(Referring expression grounding data)
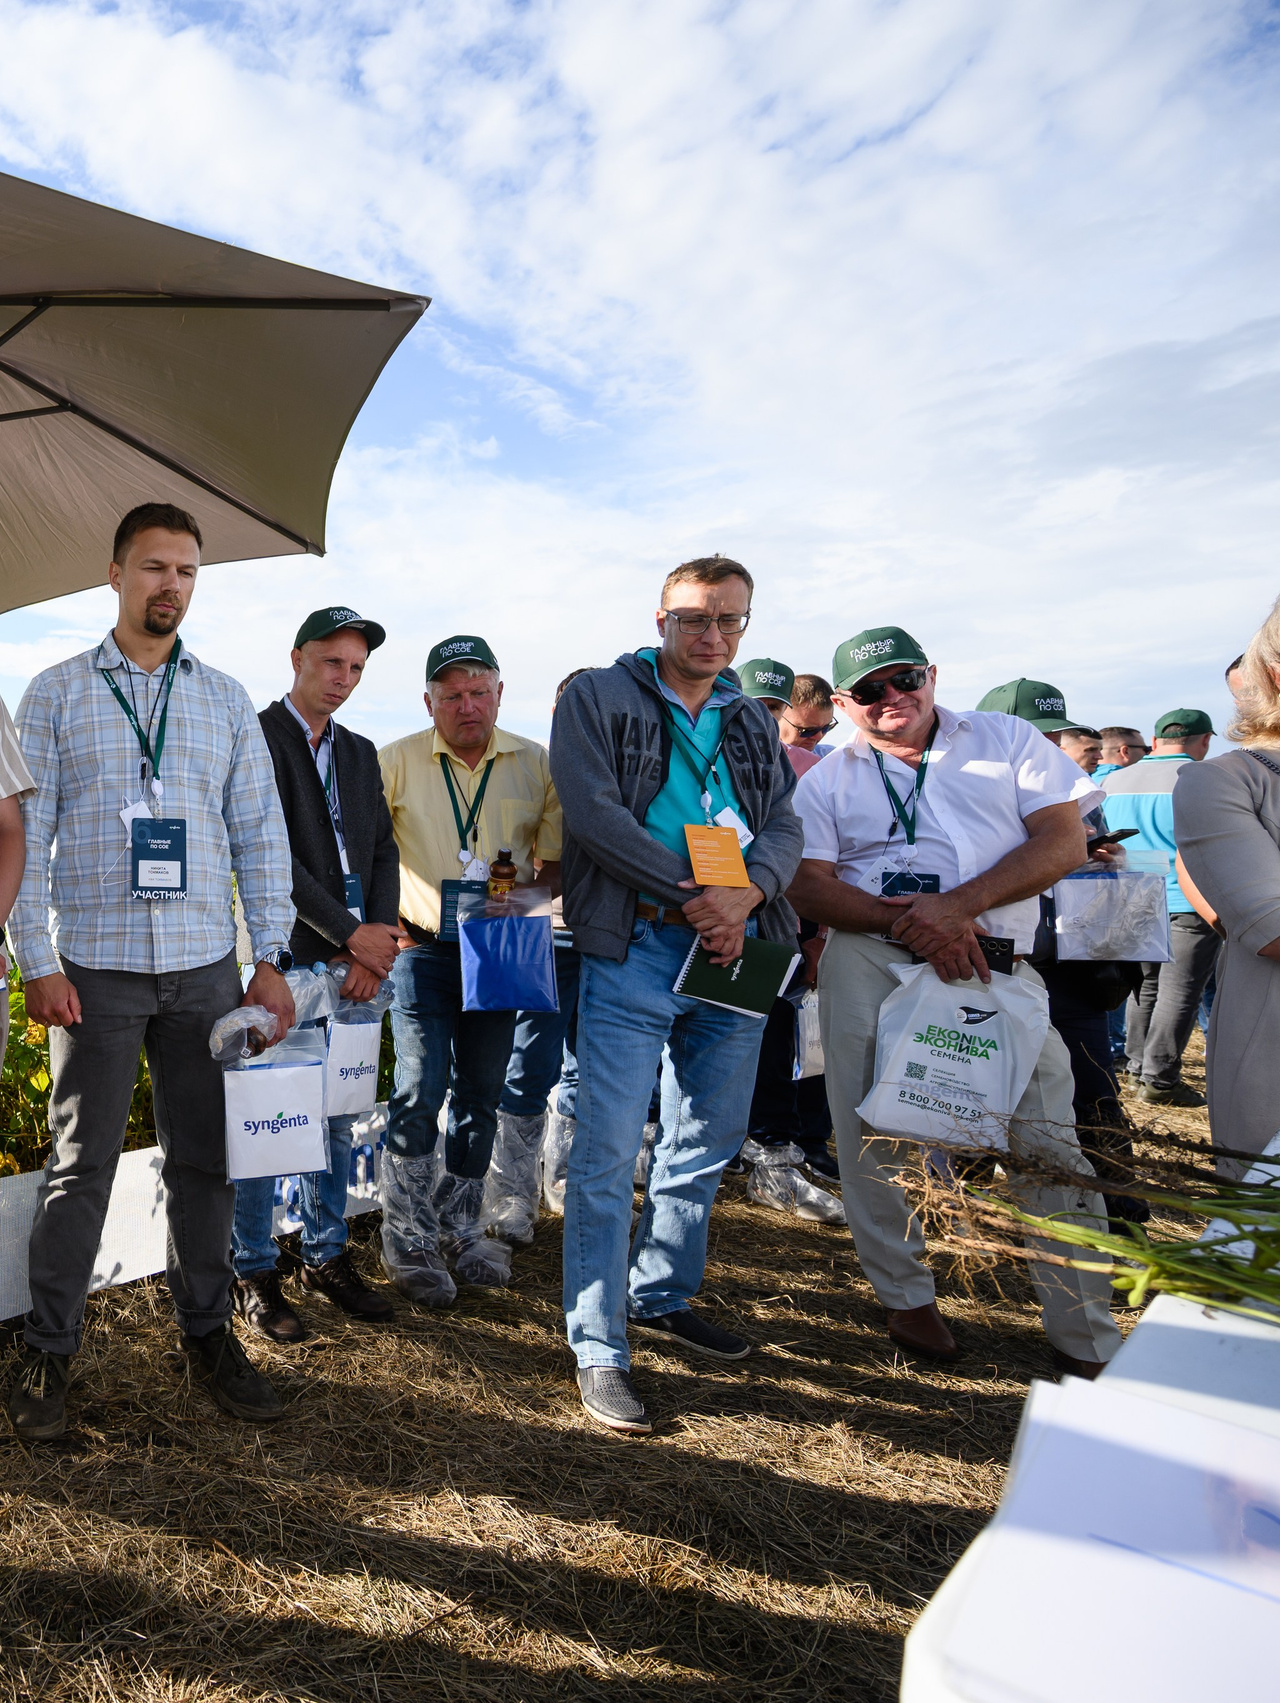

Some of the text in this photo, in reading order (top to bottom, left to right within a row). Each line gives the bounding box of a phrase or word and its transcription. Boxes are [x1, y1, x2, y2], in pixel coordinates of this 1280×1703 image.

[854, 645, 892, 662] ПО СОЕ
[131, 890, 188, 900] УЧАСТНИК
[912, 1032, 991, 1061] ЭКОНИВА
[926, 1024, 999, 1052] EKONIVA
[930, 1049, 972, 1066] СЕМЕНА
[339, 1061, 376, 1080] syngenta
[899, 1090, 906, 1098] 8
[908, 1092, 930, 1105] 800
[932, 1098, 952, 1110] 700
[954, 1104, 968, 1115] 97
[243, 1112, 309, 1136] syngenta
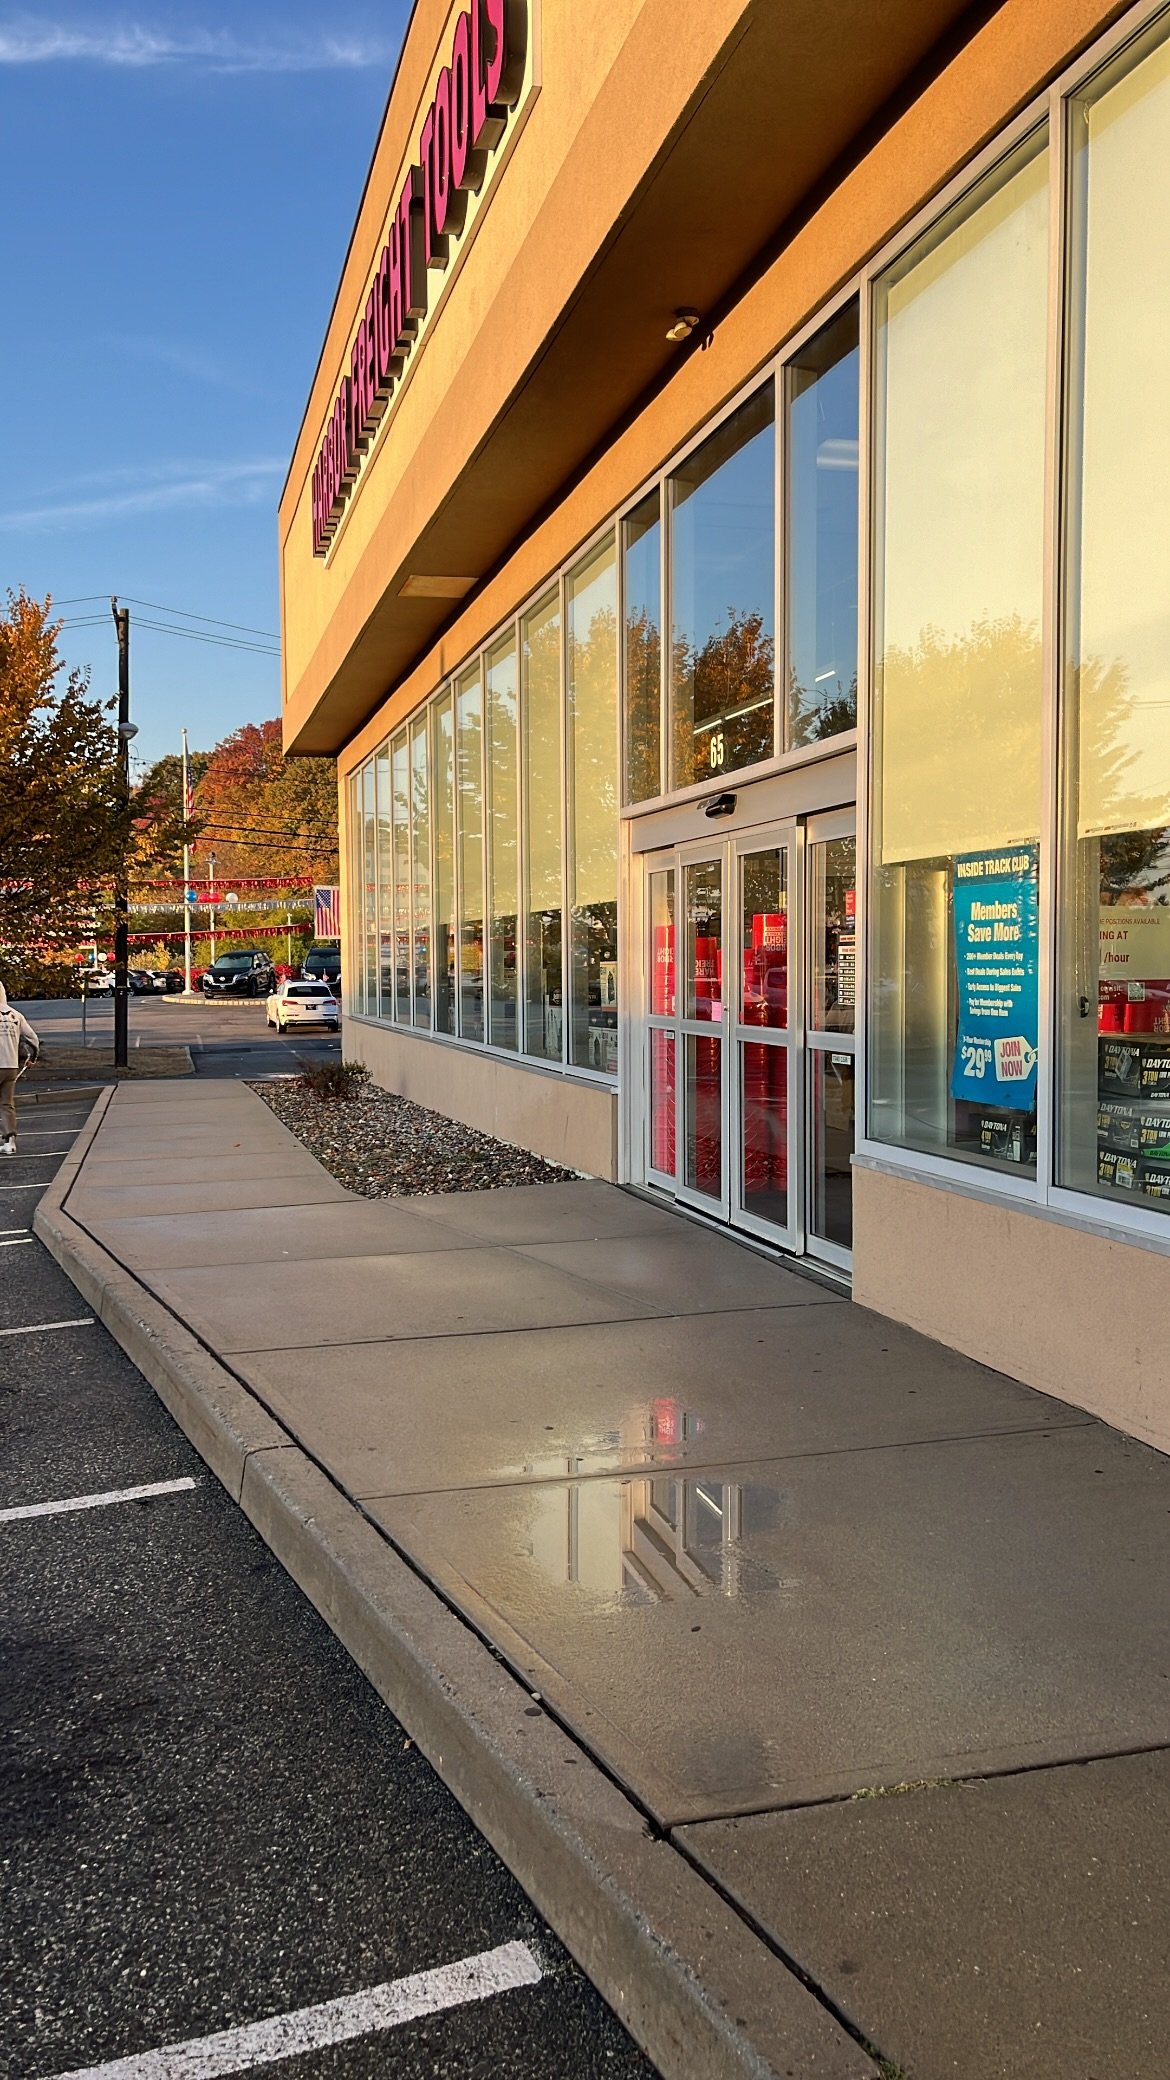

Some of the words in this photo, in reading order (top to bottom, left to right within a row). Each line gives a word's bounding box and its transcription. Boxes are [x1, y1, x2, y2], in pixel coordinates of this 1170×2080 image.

** Problem requirements **
Copy the records word for word, leaving no picture in the copy.

** Exercise response **
Some of the text in this photo, in reading order (top to bottom, left to right within a row). Each line gives the bounding box of a phrase or word and its transcription. Boxes are [x1, y1, x2, y2], in pixel coordinates of this 1280×1703 image.

[854, 645, 892, 662] ПО СОЕ
[131, 890, 188, 900] УЧАСТНИК
[912, 1032, 991, 1061] ЭКОНИВА
[926, 1024, 999, 1052] EKONIVA
[930, 1049, 972, 1066] СЕМЕНА
[339, 1061, 376, 1080] syngenta
[899, 1090, 906, 1098] 8
[908, 1092, 930, 1105] 800
[932, 1098, 952, 1110] 700
[954, 1104, 968, 1115] 97
[243, 1112, 309, 1136] syngenta

Some of the words in this photo, in reading order (top to bottom, left to right within a row). Each line gives a word's bounding box and its transcription. Boxes are [x1, y1, x2, y2], in pixel coordinates of this 1170×2080 image.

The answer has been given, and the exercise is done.